:: Provided records ::
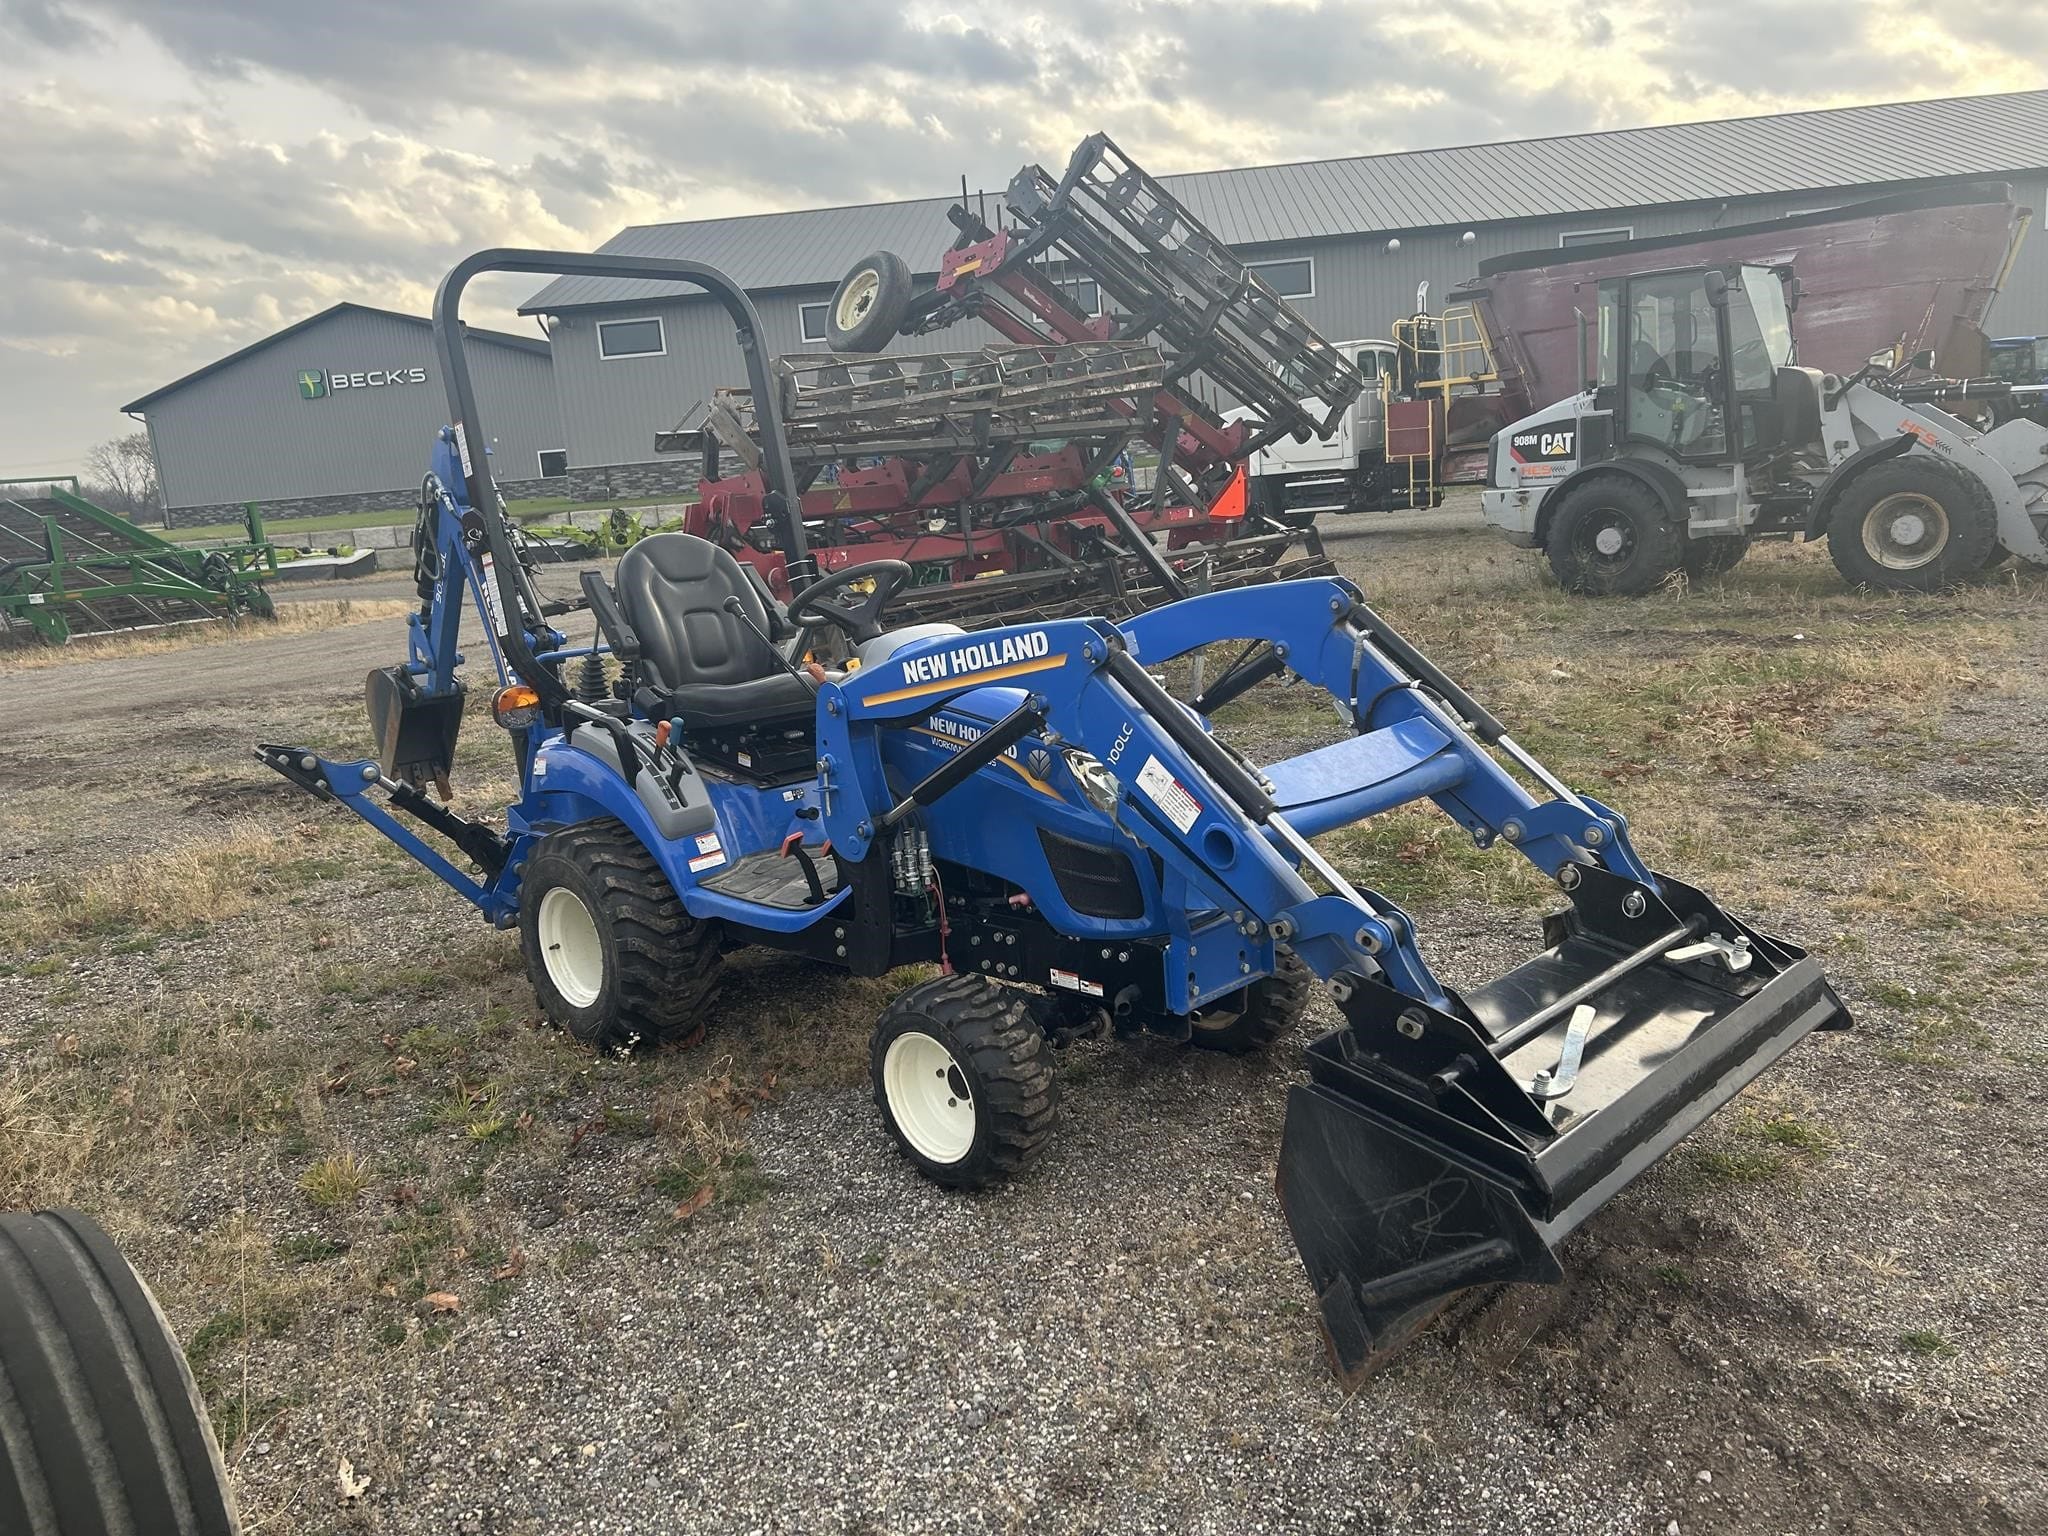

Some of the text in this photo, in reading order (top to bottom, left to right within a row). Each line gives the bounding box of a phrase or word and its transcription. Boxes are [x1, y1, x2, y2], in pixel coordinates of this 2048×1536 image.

[331, 367, 426, 389] BECK'S
[1514, 432, 1575, 455] 908M CAT
[902, 630, 1049, 685] NEW HOLLAND
[929, 716, 957, 736] NEW
[1107, 722, 1134, 765] 100LC
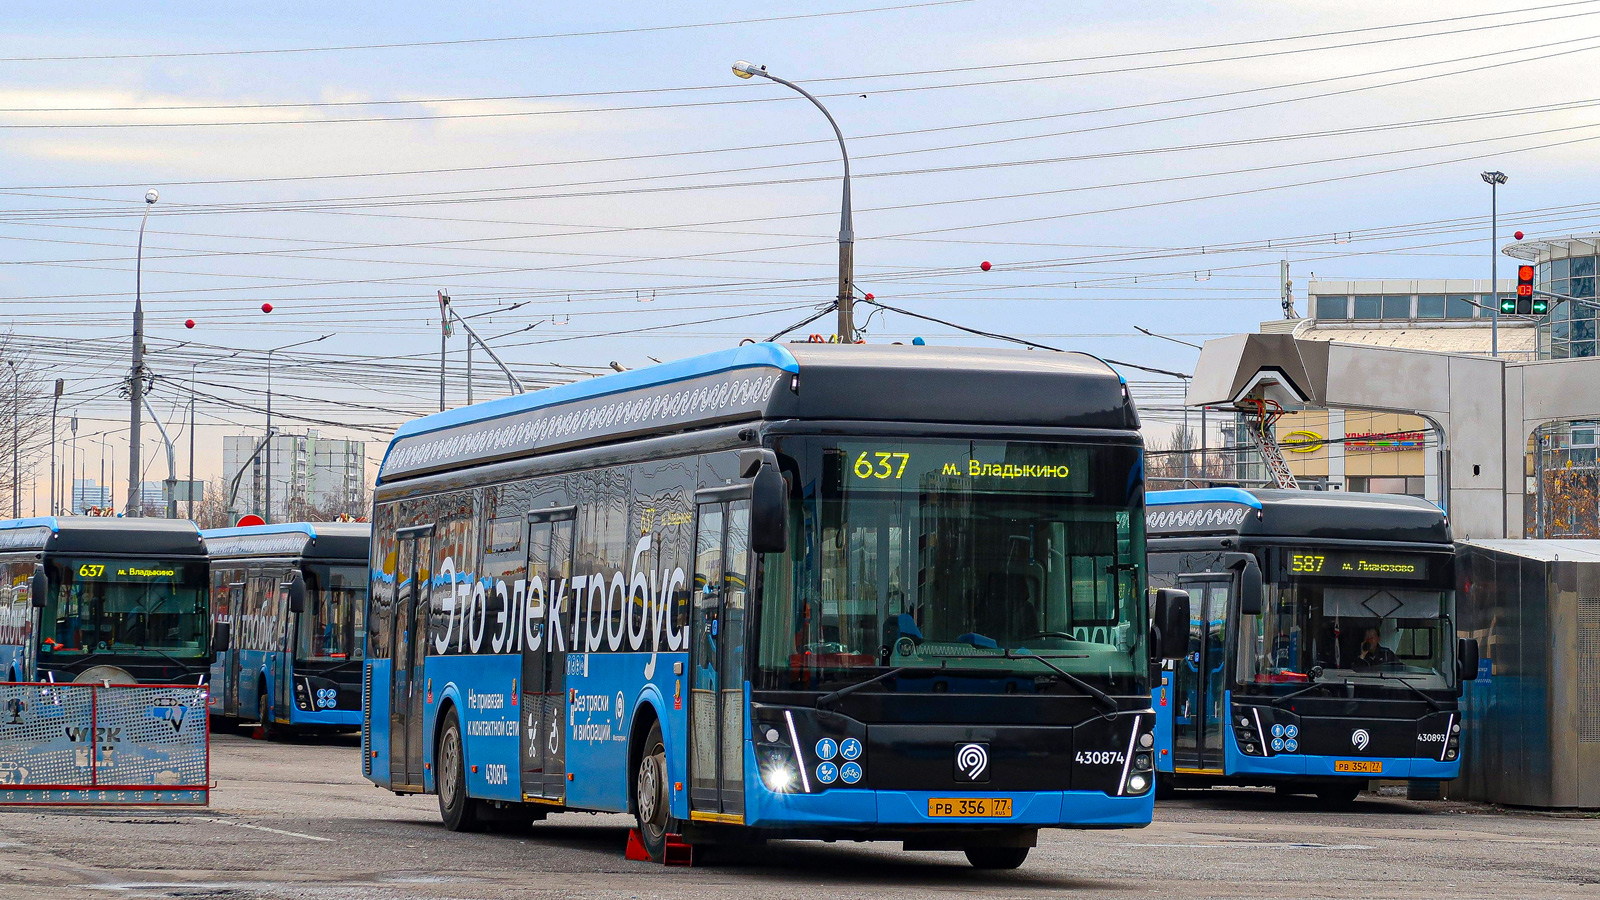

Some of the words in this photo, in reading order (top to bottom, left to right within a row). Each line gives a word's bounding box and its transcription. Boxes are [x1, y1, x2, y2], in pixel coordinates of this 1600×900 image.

[854, 450, 910, 479] 637
[942, 462, 961, 476] м.
[968, 459, 1070, 479] Владыкино
[79, 564, 105, 577] 637
[129, 567, 174, 577] Владыкино
[1292, 555, 1325, 572] 587
[1342, 563, 1353, 571] м.
[1357, 560, 1415, 573] Лианозово
[435, 556, 486, 655] Это
[491, 534, 689, 680] электробус.
[468, 688, 477, 709] Не
[477, 693, 504, 714] привязан
[573, 689, 586, 712] Без
[586, 694, 610, 717] тряски
[472, 716, 505, 737] контактной
[505, 721, 520, 737] сети
[573, 724, 578, 741] и
[578, 717, 611, 746] вибраций
[1417, 733, 1445, 742] 430893
[1074, 751, 1125, 765] 430874
[1338, 763, 1349, 771] РВ
[1352, 761, 1368, 771] 354
[1371, 761, 1381, 769] 77
[485, 763, 508, 785] 430874
[935, 803, 953, 815] РВ
[959, 800, 985, 815] 356
[993, 800, 1007, 811] 77

:: What needs to be done ::
Before copying, set the pictures aside; then give the records again exactly.

:: Answer for the task ::
Some of the text in this photo, in reading order (top to bottom, left to right within a row). Each line gives the bounding box of a phrase or word and its transcription. Boxes are [x1, y1, x2, y2], in pixel coordinates of this 2048×1536 image.

[331, 367, 426, 389] BECK'S
[1514, 432, 1575, 455] 908M CAT
[902, 630, 1049, 685] NEW HOLLAND
[929, 716, 957, 736] NEW
[1107, 722, 1134, 765] 100LC

Some of the words in this photo, in reading order (top to bottom, left to right within a row). Each line gives a word's bounding box and its transcription. Boxes are [x1, y1, x2, y2], in pixel coordinates of this 1600×900 image.

[854, 450, 910, 479] 637
[942, 462, 961, 476] м.
[968, 459, 1070, 479] Владыкино
[79, 564, 105, 577] 637
[129, 567, 174, 577] Владыкино
[1292, 555, 1325, 572] 587
[1342, 563, 1353, 571] м.
[1357, 560, 1415, 573] Лианозово
[435, 556, 486, 655] Это
[491, 534, 689, 680] электробус.
[468, 688, 477, 709] Не
[477, 693, 504, 714] привязан
[573, 689, 586, 712] Без
[586, 694, 610, 717] тряски
[472, 716, 505, 737] контактной
[505, 721, 520, 737] сети
[573, 724, 578, 741] и
[578, 717, 611, 746] вибраций
[1417, 733, 1445, 742] 430893
[1074, 751, 1125, 765] 430874
[1338, 763, 1349, 771] РВ
[1352, 761, 1368, 771] 354
[1371, 761, 1381, 769] 77
[485, 763, 508, 785] 430874
[935, 803, 953, 815] РВ
[959, 800, 985, 815] 356
[993, 800, 1007, 811] 77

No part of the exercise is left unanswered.